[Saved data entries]
┌──

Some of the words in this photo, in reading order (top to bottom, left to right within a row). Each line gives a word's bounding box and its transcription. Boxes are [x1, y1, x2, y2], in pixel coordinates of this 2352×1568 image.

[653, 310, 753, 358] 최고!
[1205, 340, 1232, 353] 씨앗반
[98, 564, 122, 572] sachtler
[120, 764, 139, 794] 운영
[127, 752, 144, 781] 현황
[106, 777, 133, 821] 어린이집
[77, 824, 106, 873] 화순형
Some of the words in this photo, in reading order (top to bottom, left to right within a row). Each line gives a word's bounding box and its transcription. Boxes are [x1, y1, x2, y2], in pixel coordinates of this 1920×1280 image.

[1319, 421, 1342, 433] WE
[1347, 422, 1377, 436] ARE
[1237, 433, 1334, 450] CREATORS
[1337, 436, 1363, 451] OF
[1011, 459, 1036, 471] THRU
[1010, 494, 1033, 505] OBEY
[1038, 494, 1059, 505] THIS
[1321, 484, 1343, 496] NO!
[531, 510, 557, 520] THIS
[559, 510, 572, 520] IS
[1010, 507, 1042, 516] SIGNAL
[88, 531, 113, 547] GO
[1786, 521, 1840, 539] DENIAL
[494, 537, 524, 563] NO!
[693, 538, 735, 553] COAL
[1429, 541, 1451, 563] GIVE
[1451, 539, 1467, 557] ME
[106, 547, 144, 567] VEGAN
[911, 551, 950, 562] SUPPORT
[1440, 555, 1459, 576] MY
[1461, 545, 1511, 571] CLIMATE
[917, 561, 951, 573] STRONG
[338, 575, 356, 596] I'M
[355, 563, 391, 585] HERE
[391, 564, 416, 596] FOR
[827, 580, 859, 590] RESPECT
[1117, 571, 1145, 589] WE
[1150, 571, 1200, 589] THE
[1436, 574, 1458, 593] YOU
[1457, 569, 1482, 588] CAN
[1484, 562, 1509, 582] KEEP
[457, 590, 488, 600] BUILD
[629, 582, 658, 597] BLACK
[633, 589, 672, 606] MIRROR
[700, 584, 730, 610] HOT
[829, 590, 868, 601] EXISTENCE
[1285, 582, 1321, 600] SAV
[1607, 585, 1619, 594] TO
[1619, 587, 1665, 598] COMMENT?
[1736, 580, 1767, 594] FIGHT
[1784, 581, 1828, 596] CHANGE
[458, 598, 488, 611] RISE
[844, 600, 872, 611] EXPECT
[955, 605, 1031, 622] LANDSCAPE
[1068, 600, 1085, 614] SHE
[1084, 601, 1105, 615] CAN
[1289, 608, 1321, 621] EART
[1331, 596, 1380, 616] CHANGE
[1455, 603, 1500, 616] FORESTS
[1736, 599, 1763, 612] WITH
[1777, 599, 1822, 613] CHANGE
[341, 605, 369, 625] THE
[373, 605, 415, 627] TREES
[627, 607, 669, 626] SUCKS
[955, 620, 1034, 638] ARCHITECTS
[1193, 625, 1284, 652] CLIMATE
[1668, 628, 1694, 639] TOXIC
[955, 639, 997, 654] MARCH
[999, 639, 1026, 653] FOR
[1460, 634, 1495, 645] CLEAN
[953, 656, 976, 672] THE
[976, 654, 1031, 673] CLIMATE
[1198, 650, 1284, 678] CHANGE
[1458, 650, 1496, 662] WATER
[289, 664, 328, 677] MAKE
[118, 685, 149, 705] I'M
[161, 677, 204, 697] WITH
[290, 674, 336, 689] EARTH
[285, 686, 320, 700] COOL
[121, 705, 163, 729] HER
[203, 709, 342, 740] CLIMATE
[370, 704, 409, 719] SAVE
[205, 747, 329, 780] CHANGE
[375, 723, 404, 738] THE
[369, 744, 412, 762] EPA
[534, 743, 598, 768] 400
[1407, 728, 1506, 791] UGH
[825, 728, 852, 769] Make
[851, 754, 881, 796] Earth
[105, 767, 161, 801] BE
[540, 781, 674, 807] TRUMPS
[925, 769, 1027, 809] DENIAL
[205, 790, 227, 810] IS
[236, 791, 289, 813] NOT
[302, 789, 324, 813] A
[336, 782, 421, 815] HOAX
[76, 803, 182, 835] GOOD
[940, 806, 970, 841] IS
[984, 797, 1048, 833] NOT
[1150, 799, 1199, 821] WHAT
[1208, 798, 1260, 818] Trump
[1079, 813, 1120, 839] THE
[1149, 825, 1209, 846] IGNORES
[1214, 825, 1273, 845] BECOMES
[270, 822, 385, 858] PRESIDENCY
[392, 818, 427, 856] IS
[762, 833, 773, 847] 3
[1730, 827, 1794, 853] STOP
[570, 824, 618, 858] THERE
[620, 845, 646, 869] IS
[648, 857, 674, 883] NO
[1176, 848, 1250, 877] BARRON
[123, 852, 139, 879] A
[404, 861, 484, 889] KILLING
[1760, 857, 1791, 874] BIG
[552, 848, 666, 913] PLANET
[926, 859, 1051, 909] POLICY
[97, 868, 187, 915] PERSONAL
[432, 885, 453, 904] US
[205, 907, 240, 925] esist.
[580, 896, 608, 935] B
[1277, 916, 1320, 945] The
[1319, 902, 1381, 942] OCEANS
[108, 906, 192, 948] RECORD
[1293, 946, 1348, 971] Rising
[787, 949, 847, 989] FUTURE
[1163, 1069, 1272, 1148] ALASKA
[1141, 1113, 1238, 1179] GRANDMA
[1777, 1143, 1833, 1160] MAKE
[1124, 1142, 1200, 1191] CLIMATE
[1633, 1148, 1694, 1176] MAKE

└──

Try it »
Reproduce every line of the data without changing a word.

Exercise result »
Some of the words in this photo, in reading order (top to bottom, left to right within a row). Each line gives a word's bounding box and its transcription. Boxes are [x1, y1, x2, y2], in pixel coordinates of this 2352×1568 image.

[653, 310, 753, 358] 최고!
[1205, 340, 1232, 353] 씨앗반
[98, 564, 122, 572] sachtler
[120, 764, 139, 794] 운영
[127, 752, 144, 781] 현황
[106, 777, 133, 821] 어린이집
[77, 824, 106, 873] 화순형
Some of the words in this photo, in reading order (top to bottom, left to right within a row). Each line gives a word's bounding box and its transcription. Boxes are [x1, y1, x2, y2], in pixel coordinates of this 1920×1280 image.

[1319, 421, 1342, 433] WE
[1347, 422, 1377, 436] ARE
[1237, 433, 1334, 450] CREATORS
[1337, 436, 1363, 451] OF
[1011, 459, 1036, 471] THRU
[1010, 494, 1033, 505] OBEY
[1038, 494, 1059, 505] THIS
[1321, 484, 1343, 496] NO!
[531, 510, 557, 520] THIS
[559, 510, 572, 520] IS
[1010, 507, 1042, 516] SIGNAL
[88, 531, 113, 547] GO
[1786, 521, 1840, 539] DENIAL
[494, 537, 524, 563] NO!
[693, 538, 735, 553] COAL
[1429, 541, 1451, 563] GIVE
[1451, 539, 1467, 557] ME
[106, 547, 144, 567] VEGAN
[911, 551, 950, 562] SUPPORT
[1440, 555, 1459, 576] MY
[1461, 545, 1511, 571] CLIMATE
[917, 561, 951, 573] STRONG
[338, 575, 356, 596] I'M
[355, 563, 391, 585] HERE
[391, 564, 416, 596] FOR
[827, 580, 859, 590] RESPECT
[1117, 571, 1145, 589] WE
[1150, 571, 1200, 589] THE
[1436, 574, 1458, 593] YOU
[1457, 569, 1482, 588] CAN
[1484, 562, 1509, 582] KEEP
[457, 590, 488, 600] BUILD
[629, 582, 658, 597] BLACK
[633, 589, 672, 606] MIRROR
[700, 584, 730, 610] HOT
[829, 590, 868, 601] EXISTENCE
[1285, 582, 1321, 600] SAV
[1607, 585, 1619, 594] TO
[1619, 587, 1665, 598] COMMENT?
[1736, 580, 1767, 594] FIGHT
[1784, 581, 1828, 596] CHANGE
[458, 598, 488, 611] RISE
[844, 600, 872, 611] EXPECT
[955, 605, 1031, 622] LANDSCAPE
[1068, 600, 1085, 614] SHE
[1084, 601, 1105, 615] CAN
[1289, 608, 1321, 621] EART
[1331, 596, 1380, 616] CHANGE
[1455, 603, 1500, 616] FORESTS
[1736, 599, 1763, 612] WITH
[1777, 599, 1822, 613] CHANGE
[341, 605, 369, 625] THE
[373, 605, 415, 627] TREES
[627, 607, 669, 626] SUCKS
[955, 620, 1034, 638] ARCHITECTS
[1193, 625, 1284, 652] CLIMATE
[1668, 628, 1694, 639] TOXIC
[955, 639, 997, 654] MARCH
[999, 639, 1026, 653] FOR
[1460, 634, 1495, 645] CLEAN
[953, 656, 976, 672] THE
[976, 654, 1031, 673] CLIMATE
[1198, 650, 1284, 678] CHANGE
[1458, 650, 1496, 662] WATER
[289, 664, 328, 677] MAKE
[118, 685, 149, 705] I'M
[161, 677, 204, 697] WITH
[290, 674, 336, 689] EARTH
[285, 686, 320, 700] COOL
[121, 705, 163, 729] HER
[203, 709, 342, 740] CLIMATE
[370, 704, 409, 719] SAVE
[205, 747, 329, 780] CHANGE
[375, 723, 404, 738] THE
[369, 744, 412, 762] EPA
[534, 743, 598, 768] 400
[1407, 728, 1506, 791] UGH
[825, 728, 852, 769] Make
[851, 754, 881, 796] Earth
[105, 767, 161, 801] BE
[540, 781, 674, 807] TRUMPS
[925, 769, 1027, 809] DENIAL
[205, 790, 227, 810] IS
[236, 791, 289, 813] NOT
[302, 789, 324, 813] A
[336, 782, 421, 815] HOAX
[76, 803, 182, 835] GOOD
[940, 806, 970, 841] IS
[984, 797, 1048, 833] NOT
[1150, 799, 1199, 821] WHAT
[1208, 798, 1260, 818] Trump
[1079, 813, 1120, 839] THE
[1149, 825, 1209, 846] IGNORES
[1214, 825, 1273, 845] BECOMES
[270, 822, 385, 858] PRESIDENCY
[392, 818, 427, 856] IS
[762, 833, 773, 847] 3
[1730, 827, 1794, 853] STOP
[570, 824, 618, 858] THERE
[620, 845, 646, 869] IS
[648, 857, 674, 883] NO
[1176, 848, 1250, 877] BARRON
[123, 852, 139, 879] A
[404, 861, 484, 889] KILLING
[1760, 857, 1791, 874] BIG
[552, 848, 666, 913] PLANET
[926, 859, 1051, 909] POLICY
[97, 868, 187, 915] PERSONAL
[432, 885, 453, 904] US
[205, 907, 240, 925] esist.
[580, 896, 608, 935] B
[1277, 916, 1320, 945] The
[1319, 902, 1381, 942] OCEANS
[108, 906, 192, 948] RECORD
[1293, 946, 1348, 971] Rising
[787, 949, 847, 989] FUTURE
[1163, 1069, 1272, 1148] ALASKA
[1141, 1113, 1238, 1179] GRANDMA
[1777, 1143, 1833, 1160] MAKE
[1124, 1142, 1200, 1191] CLIMATE
[1633, 1148, 1694, 1176] MAKE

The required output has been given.